Terminada la última misa que habría de presenciar el cuerpo inerte, sale en su navío sobre nuevos cuatro hombros jóvenes, hacia su destino final, donde reposa la carne que alimenta, los huesos que se despostillan y el polvo que se mezcla con la tierra. Ahora con la custodia que flota en el aire penetrando los oídos, que emana de las campanas metálicas que transforman el aliento en melodía, para despedir a la vida con la última marcha en su honor.

Se intercambian los acompañantes más cercanos, que cargan con el peso del difunto, que comprenden ahora, que pesa más la muerte de uno que la vida de muchos. Y que dios nos acompaña, y que él se lo llevo como nos llevará a todos, hasta que no quede nadie, hasta que muera él también, de soledad; solo, sin marchas fúnebres, sin ojos que le lloren, ni una boca que ruegue por la salvación de su alma corrompida. Y sabrá entonces que vivió engañado por una eternidad que se le esfumó, que él no nos creó, que fue producto de una colectividad aterrorizada. Que, en realidad, nunca existió.

Como tampoco ya existe el náufrago que está llegando a camposanto, con paso inseguro aferrándose a este mundo, como no queriendo irse aunque ya no esté.
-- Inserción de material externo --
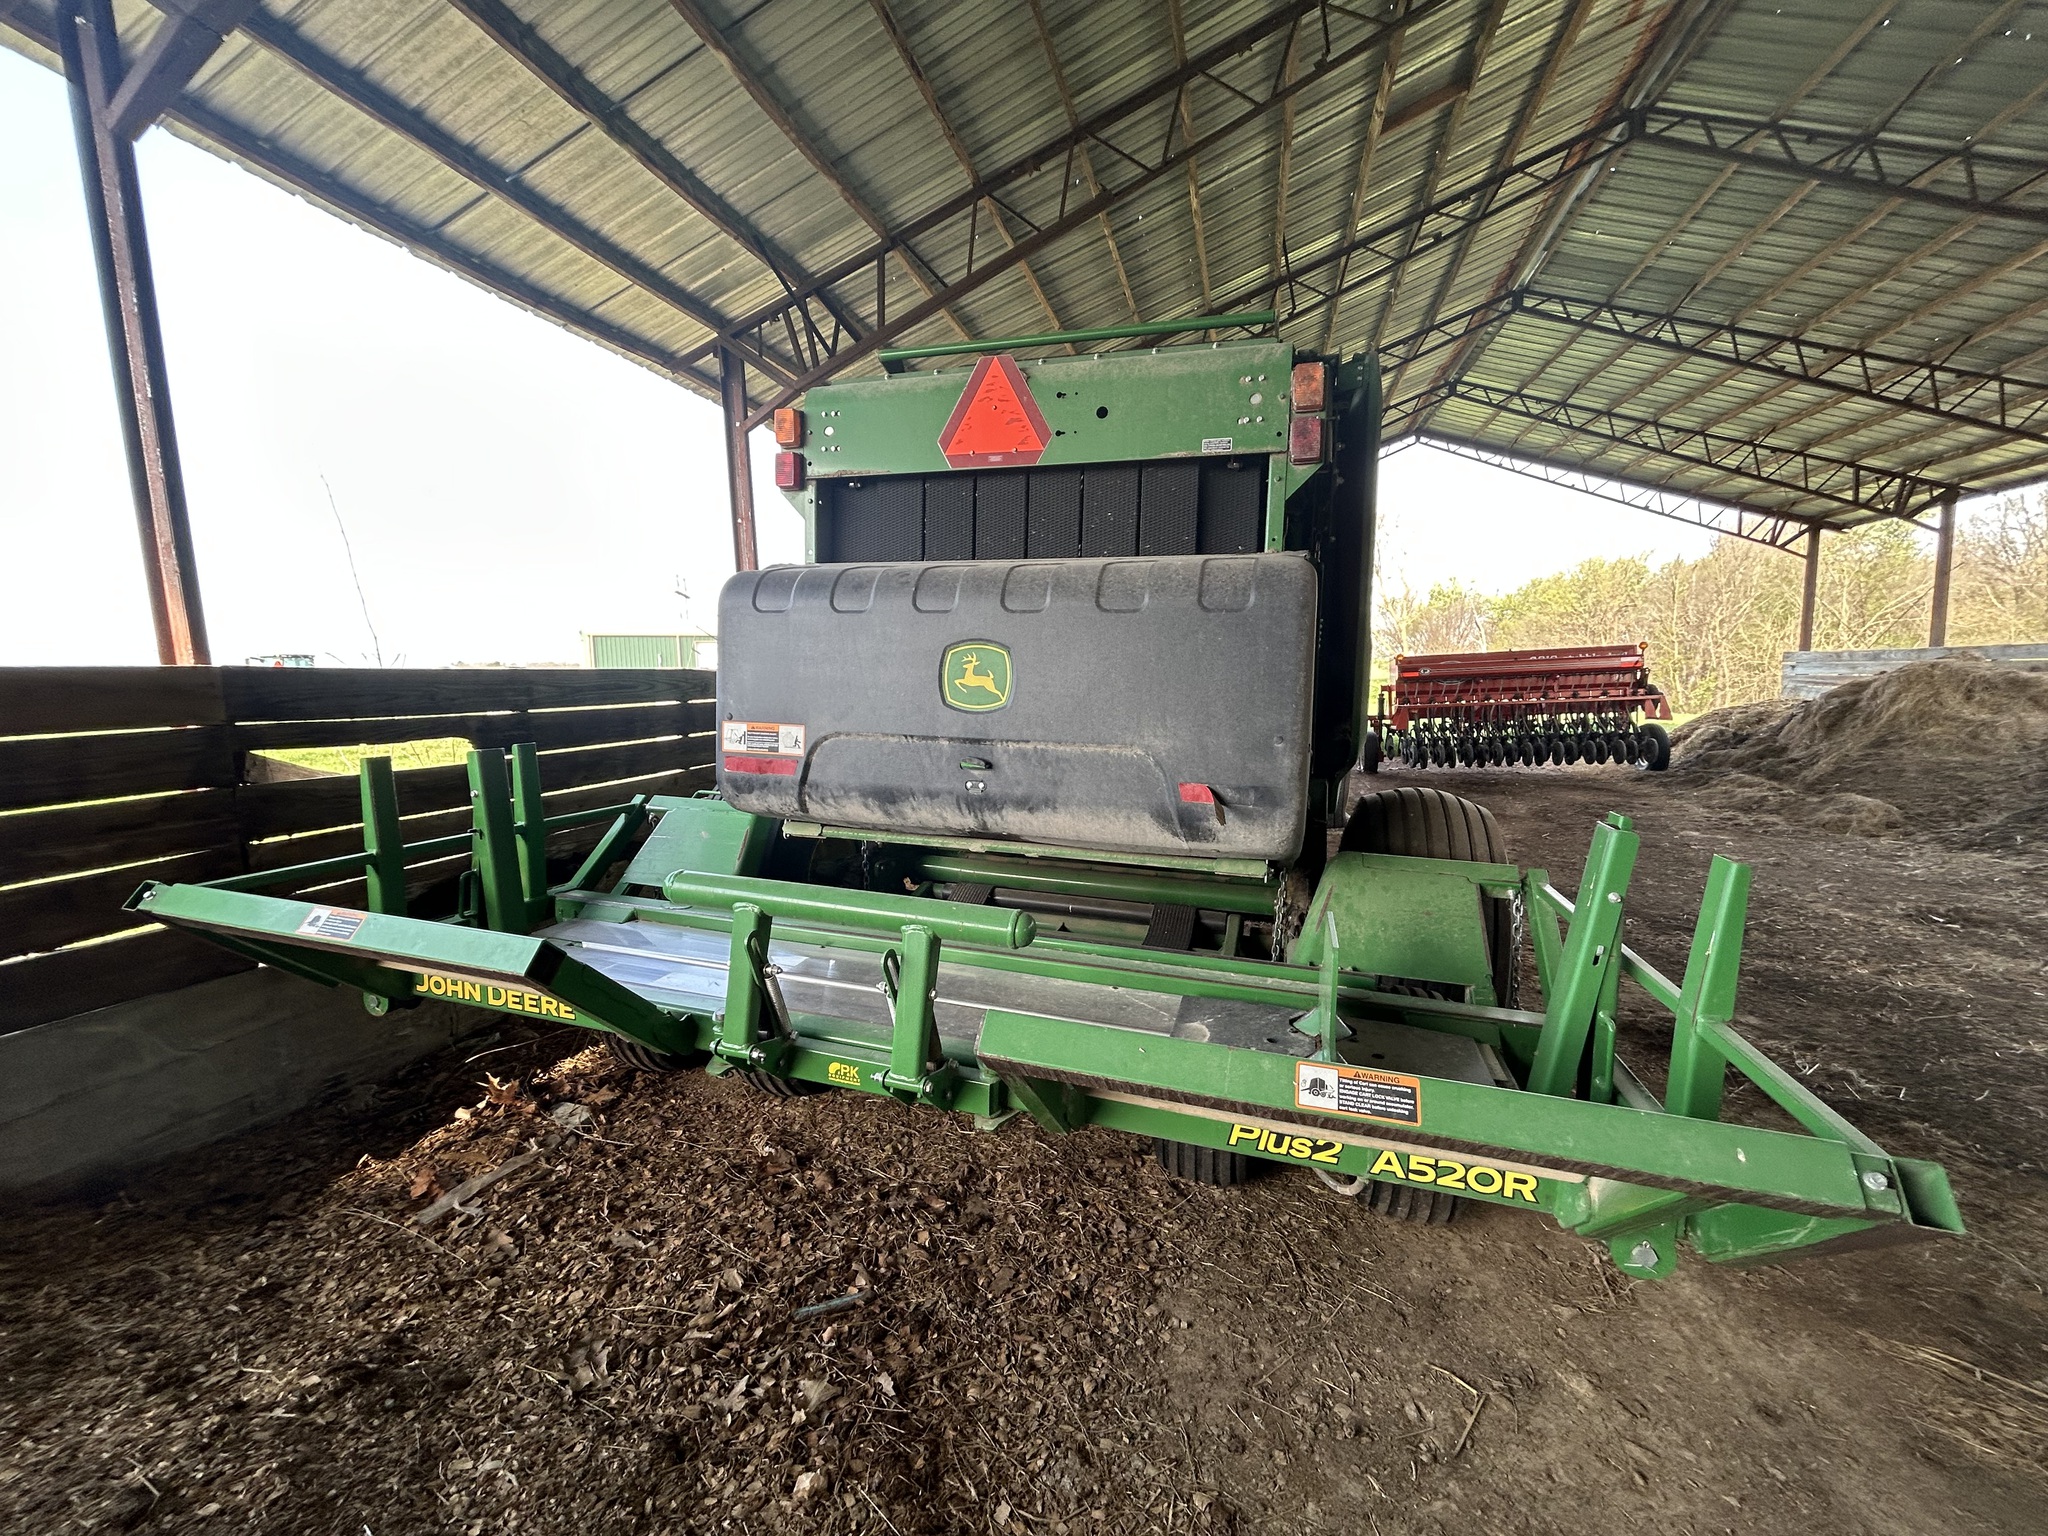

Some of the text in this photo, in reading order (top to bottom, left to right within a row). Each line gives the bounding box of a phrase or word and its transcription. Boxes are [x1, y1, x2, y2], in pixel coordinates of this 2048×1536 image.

Llegando ya a tierra firme donde quedará hasta el final de la vida, hasta el final de la muerte, hasta el final del final. Y es bajado cuidadosamente, hasta el fondo de su nuevo hogar, donde será cobijado por un montón de tierra que lo desintegrará, mientras afuera todos lloran desconsolados, habiendo alguien que incluso se arrojó junto con el ataúd al fondo de la tierra, fuera de sí, gritando hasta quedar inconsciente por un golpe de dolor.

Suena de nuevo la marcha fúnebre que ya no escucha debajo de la tierra, que nunca escuchó porque ya no vivía más. Y tampoco se enteró de la procesión, la misa, los cantos, ni nada. No se enteró porque desapareció cuando murió.